**Input data**
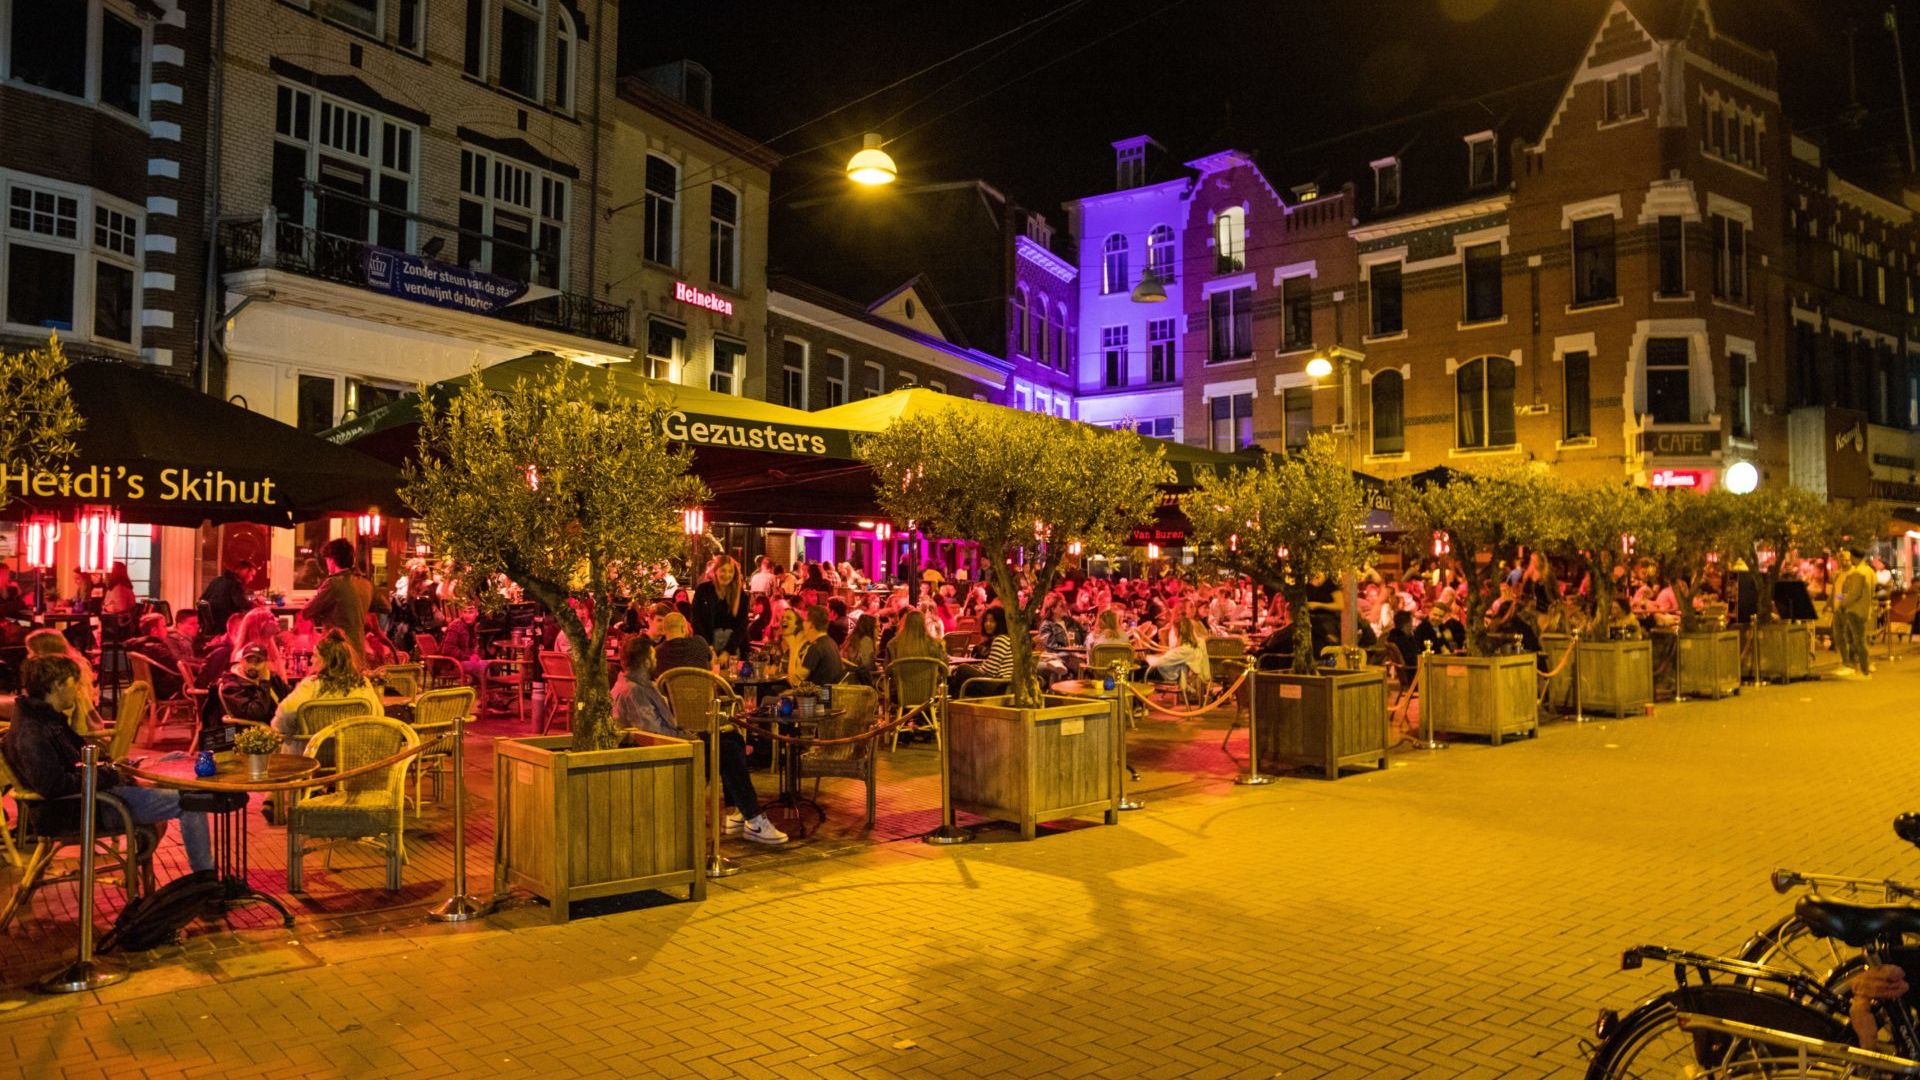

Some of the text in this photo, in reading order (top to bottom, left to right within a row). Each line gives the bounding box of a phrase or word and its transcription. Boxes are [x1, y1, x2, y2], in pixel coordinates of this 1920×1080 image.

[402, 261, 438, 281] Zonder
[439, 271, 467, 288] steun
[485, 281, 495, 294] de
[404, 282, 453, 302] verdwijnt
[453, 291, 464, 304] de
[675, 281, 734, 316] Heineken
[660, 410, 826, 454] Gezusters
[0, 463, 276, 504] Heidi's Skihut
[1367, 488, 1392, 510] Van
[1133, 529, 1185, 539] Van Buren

**Assignment**
The records above are to be repeated word for word, with the pictures omitted.

**Written solution**
Some of the text in this photo, in reading order (top to bottom, left to right within a row). Each line gives the bounding box of a phrase or word and its transcription. Boxes are [x1, y1, x2, y2], in pixel coordinates of this 1920×1080 image.

[402, 261, 438, 281] Zonder
[439, 271, 467, 288] steun
[485, 281, 495, 294] de
[404, 282, 453, 302] verdwijnt
[453, 291, 464, 304] de
[675, 281, 734, 316] Heineken
[660, 410, 826, 454] Gezusters
[0, 463, 276, 504] Heidi's Skihut
[1367, 488, 1392, 510] Van
[1133, 529, 1185, 539] Van Buren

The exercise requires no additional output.